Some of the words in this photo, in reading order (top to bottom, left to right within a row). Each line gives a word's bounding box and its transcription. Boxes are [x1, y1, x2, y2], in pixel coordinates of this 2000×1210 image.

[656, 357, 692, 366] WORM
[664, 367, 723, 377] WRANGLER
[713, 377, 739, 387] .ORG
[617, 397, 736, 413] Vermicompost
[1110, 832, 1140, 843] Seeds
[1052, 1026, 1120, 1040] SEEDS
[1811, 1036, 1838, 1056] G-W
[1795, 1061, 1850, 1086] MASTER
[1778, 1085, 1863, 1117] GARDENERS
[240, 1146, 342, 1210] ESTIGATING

--*--

• _Problem description_
The entries above should be set down again exactly as they appear.

• _Result of this exercise_
Some of the words in this photo, in reading order (top to bottom, left to right within a row). Each line gives a word's bounding box and its transcription. Boxes are [x1, y1, x2, y2], in pixel coordinates of this 2000×1210 image.

[656, 357, 692, 366] WORM
[664, 367, 723, 377] WRANGLER
[713, 377, 739, 387] .ORG
[617, 397, 736, 413] Vermicompost
[1110, 832, 1140, 843] Seeds
[1052, 1026, 1120, 1040] SEEDS
[1811, 1036, 1838, 1056] G-W
[1795, 1061, 1850, 1086] MASTER
[1778, 1085, 1863, 1117] GARDENERS
[240, 1146, 342, 1210] ESTIGATING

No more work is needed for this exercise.